### To do
Repeat the whole listing exactly.

START Records shown

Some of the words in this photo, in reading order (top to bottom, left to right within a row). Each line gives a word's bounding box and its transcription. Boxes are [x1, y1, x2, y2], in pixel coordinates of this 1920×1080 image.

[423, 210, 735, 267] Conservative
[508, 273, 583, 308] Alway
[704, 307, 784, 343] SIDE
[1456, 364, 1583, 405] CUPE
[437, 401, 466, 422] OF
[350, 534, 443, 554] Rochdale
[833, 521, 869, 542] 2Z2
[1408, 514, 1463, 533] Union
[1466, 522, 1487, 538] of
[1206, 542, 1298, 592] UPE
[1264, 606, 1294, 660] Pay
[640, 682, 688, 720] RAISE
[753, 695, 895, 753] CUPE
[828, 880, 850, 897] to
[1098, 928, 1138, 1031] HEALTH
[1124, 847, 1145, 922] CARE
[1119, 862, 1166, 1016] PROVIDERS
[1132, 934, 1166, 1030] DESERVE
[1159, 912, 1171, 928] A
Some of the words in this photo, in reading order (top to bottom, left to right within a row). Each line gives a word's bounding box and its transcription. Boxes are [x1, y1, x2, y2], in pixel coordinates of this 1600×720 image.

END Records shown

### Exercise output
Some of the words in this photo, in reading order (top to bottom, left to right within a row). Each line gives a word's bounding box and its transcription. Boxes are [x1, y1, x2, y2], in pixel coordinates of this 1920×1080 image.

[423, 210, 735, 267] Conservative
[508, 273, 583, 308] Alway
[704, 307, 784, 343] SIDE
[1456, 364, 1583, 405] CUPE
[437, 401, 466, 422] OF
[350, 534, 443, 554] Rochdale
[833, 521, 869, 542] 2Z2
[1408, 514, 1463, 533] Union
[1466, 522, 1487, 538] of
[1206, 542, 1298, 592] UPE
[1264, 606, 1294, 660] Pay
[640, 682, 688, 720] RAISE
[753, 695, 895, 753] CUPE
[828, 880, 850, 897] to
[1098, 928, 1138, 1031] HEALTH
[1124, 847, 1145, 922] CARE
[1119, 862, 1166, 1016] PROVIDERS
[1132, 934, 1166, 1030] DESERVE
[1159, 912, 1171, 928] A
Some of the words in this photo, in reading order (top to bottom, left to right within a row). Each line gives a word's bounding box and its transcription. Boxes are [x1, y1, x2, y2], in pixel coordinates of this 1600×720 image.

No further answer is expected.